Intense feeling at the election of Mr. Toulmin on the part of the leading Presbyterians, who claimed the Seminary as their own peculiar institution, caused them to obtain in 1796 a charter from the Legislature of Kentucky--now a State--for a new institution of learning which they could more exclusively control. This was the "Kentucky Academy," of which the Reverend James Blythe, of their communion, was made President.

TRANSYLVANIA UNIVERSITY.

Doctor Brown was authorized by the Board to import books and other means of instruction for the use of the medical professors to the amount of five hundred dollars--a considerable sum in those days--and he and his colleague were made salaried officers of the University.

A Law College was also organized at this time in the University by the appointment of Colonel George Nicholas, soldier of the Revolution and member of the Virginia Convention, as Professor of Law and Politics.

DOCTOR SAMUEL BROWN,

The first Medical Professor of Transylvania University and of the great Western country, was born in Augusta, or Rockbridge County, Virginia, January 30, 1769, and died near Huntsville, Alabama, at the residence of Colonel Thomas G. Percy, January 12, 1830. He was the son of Reverend John Brown, a Presbyterian minister of great learning and piety, and Margaret Preston--a woman of remarkable energy of character and vigor of mind--second daughter of John Preston and Elizabeth Patton.
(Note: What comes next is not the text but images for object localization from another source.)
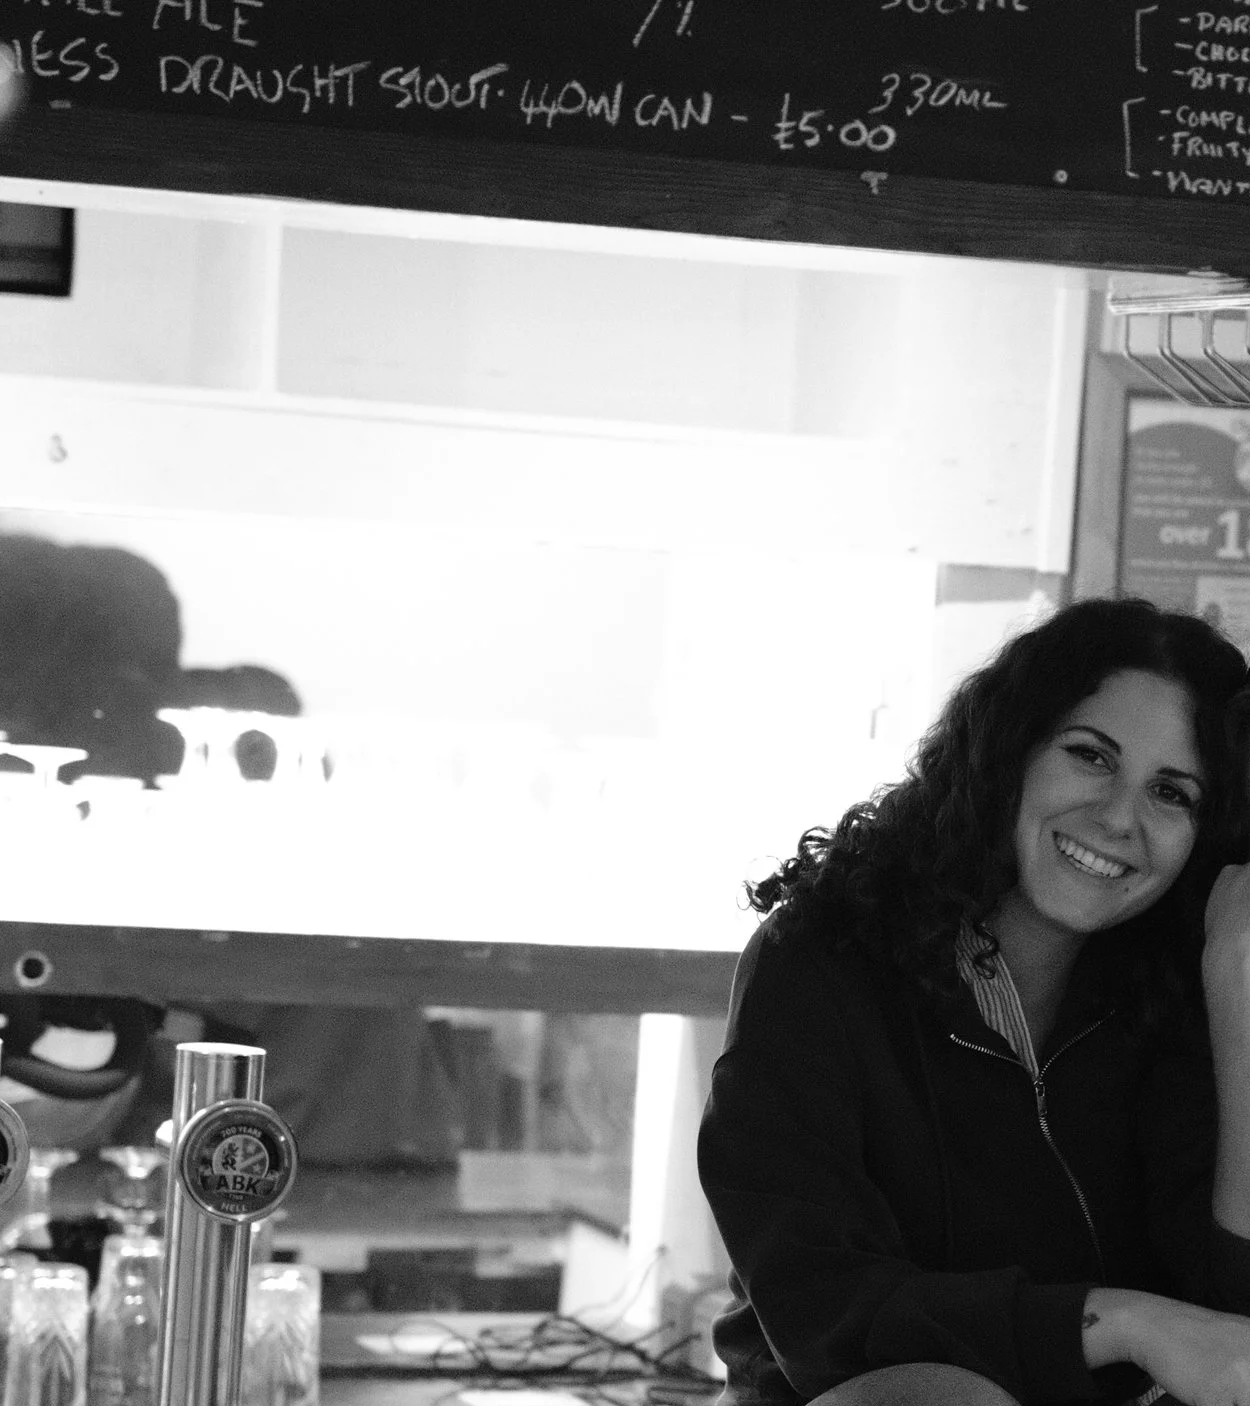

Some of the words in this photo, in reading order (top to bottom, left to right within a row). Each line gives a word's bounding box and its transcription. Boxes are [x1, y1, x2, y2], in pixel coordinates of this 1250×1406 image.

[159, 54, 372, 113] DRAUGHT
[633, 91, 713, 132] CAN
[216, 1174, 262, 1195] ABK
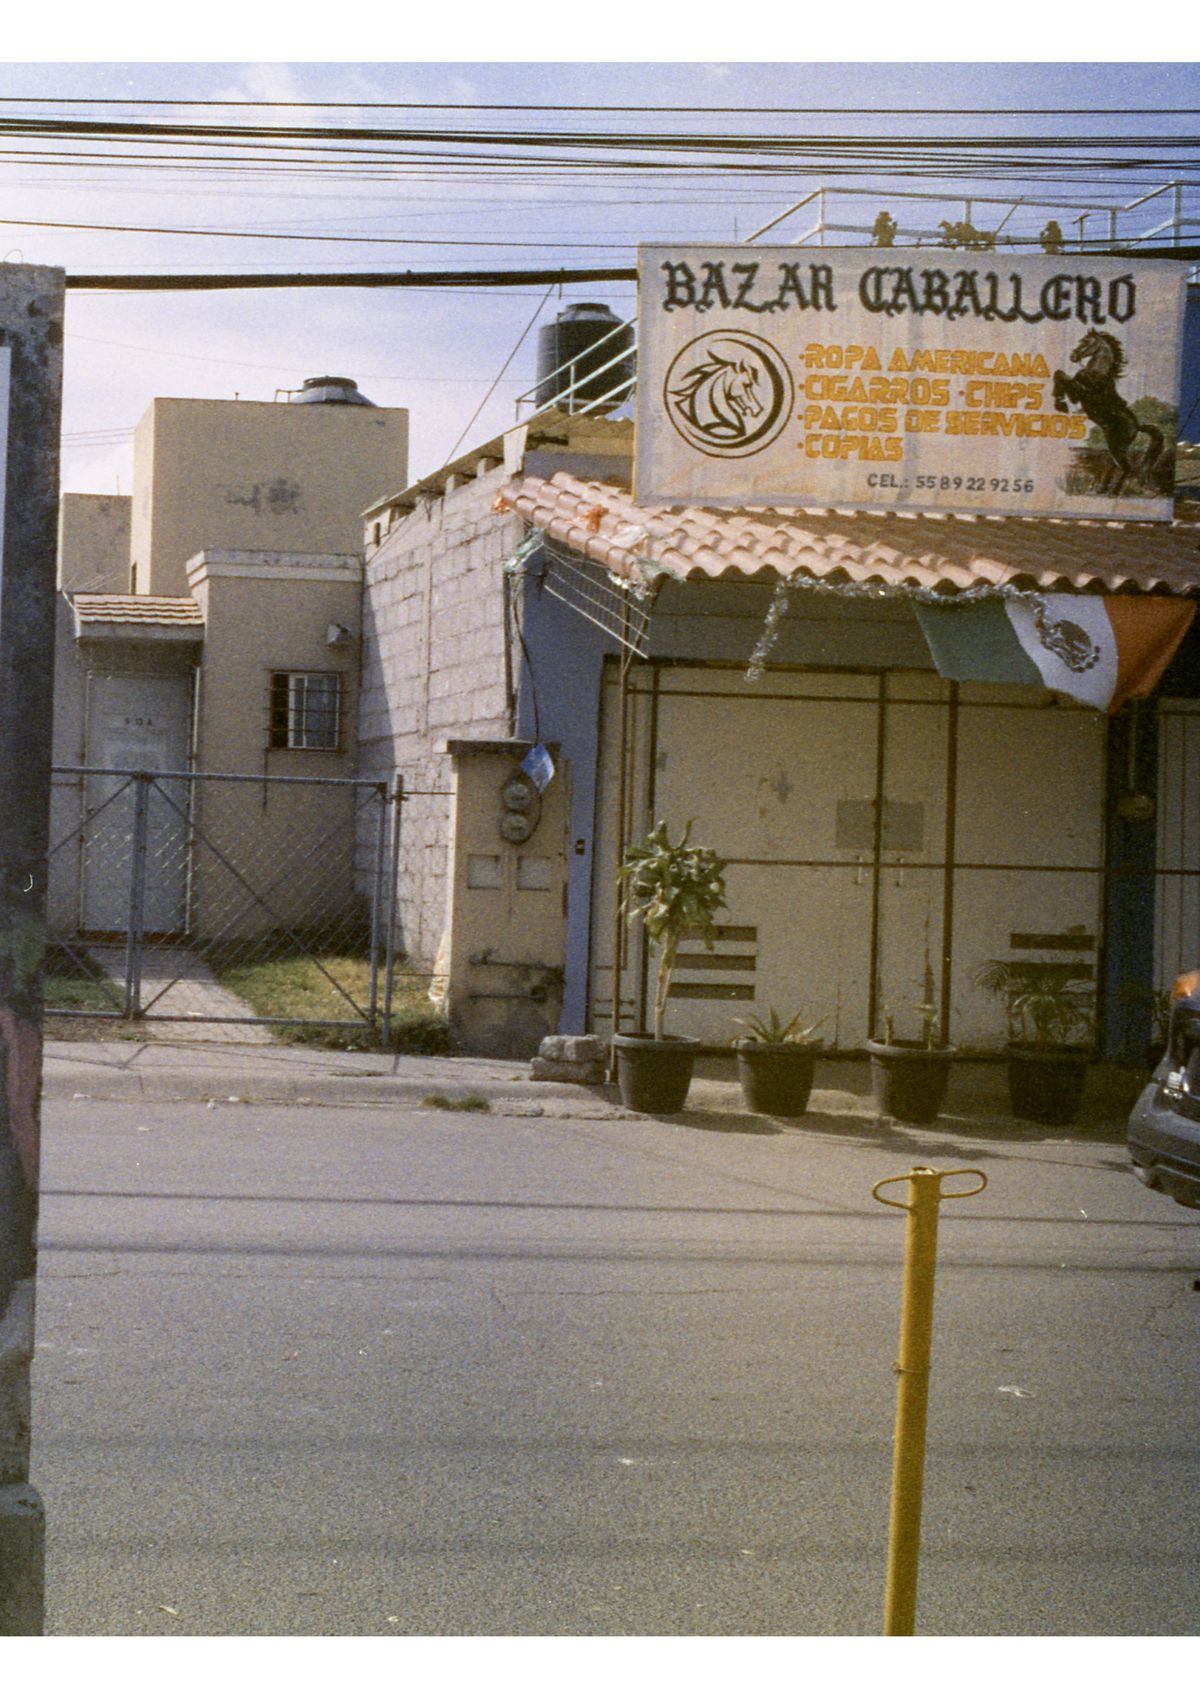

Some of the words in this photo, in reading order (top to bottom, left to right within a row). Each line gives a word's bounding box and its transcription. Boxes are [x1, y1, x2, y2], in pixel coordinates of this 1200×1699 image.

[661, 260, 838, 313] BAZAR
[858, 265, 1137, 324] CABALLERO
[805, 343, 882, 371] ROPA
[888, 347, 1050, 378] AMERICANA
[805, 374, 950, 406] CIGARROS
[966, 380, 1045, 410] CHIPS
[804, 405, 898, 433] PAGOS
[904, 409, 941, 433] DE
[945, 410, 1087, 440] SERVICIOS
[805, 433, 904, 462] COPIAS
He was the third of four distinguished brothers--Honorable John Brown, Honorable James Brown, Doctor Samuel Brown, and Doctor Preston Brown.
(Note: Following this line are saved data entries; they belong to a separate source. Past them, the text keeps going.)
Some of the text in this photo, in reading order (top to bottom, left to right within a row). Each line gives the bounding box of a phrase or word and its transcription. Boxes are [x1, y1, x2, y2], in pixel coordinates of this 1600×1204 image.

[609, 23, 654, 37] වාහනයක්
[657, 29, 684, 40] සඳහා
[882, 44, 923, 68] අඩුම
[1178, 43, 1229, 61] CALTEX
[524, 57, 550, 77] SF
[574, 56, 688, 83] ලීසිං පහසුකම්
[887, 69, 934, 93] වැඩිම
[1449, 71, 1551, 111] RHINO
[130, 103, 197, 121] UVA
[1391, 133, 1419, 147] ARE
After graduating at Carlisle College, Pennsylvania, where he had been sent by his elder brother, he studied medicine for two years in Edinburgh, Scotland. Doctor Hosack, of New York, and Doctor E. McDowell, of Danville, Kentucky, were of the same class. Returning to the United States, he commenced practice in Bladensburg, but soon removed to Lexington, Kentucky, where he was made Professor of Chemistry, Anatomy, and Surgery in Transylvania University in 1799, as above stated. In 1806, he removed to Fort Adams, Mississippi, where he married Miss Percy, of Alabama. Afterward returning to Lexington he was re-appointed in 1819 to a chair in the Medical Department of Transylvania, that of Theory and Practice. Here he was a distinguished colleague of Professors B. W. Dudley, Charles Caldwell, Daniel Drake, William Richardson, and James Blythe until 1825, when he finally left Kentucky.

Doctor Brown was a man of fine personal appearance and manners; an accomplished scholar, gifted with a natural eloquence and humor that made him one of the most fascinating lecturers of his day. Learned in many branches, he was an enthusiast in his own profession, scrupulous in regard to etiquette and exceedingly benevolent and liberal of his time and services to the poor. Although active in scientific pursuits he left no extensive work, and but a few detached writings to perpetuate his fame.

DOCTOR FREDERICK RIDGELY,

Of a well-known family in Maryland, and one of the most celebrated of the early physicians of the West, studied medicine in Delaware, and attended medical lectures in Philadelphia.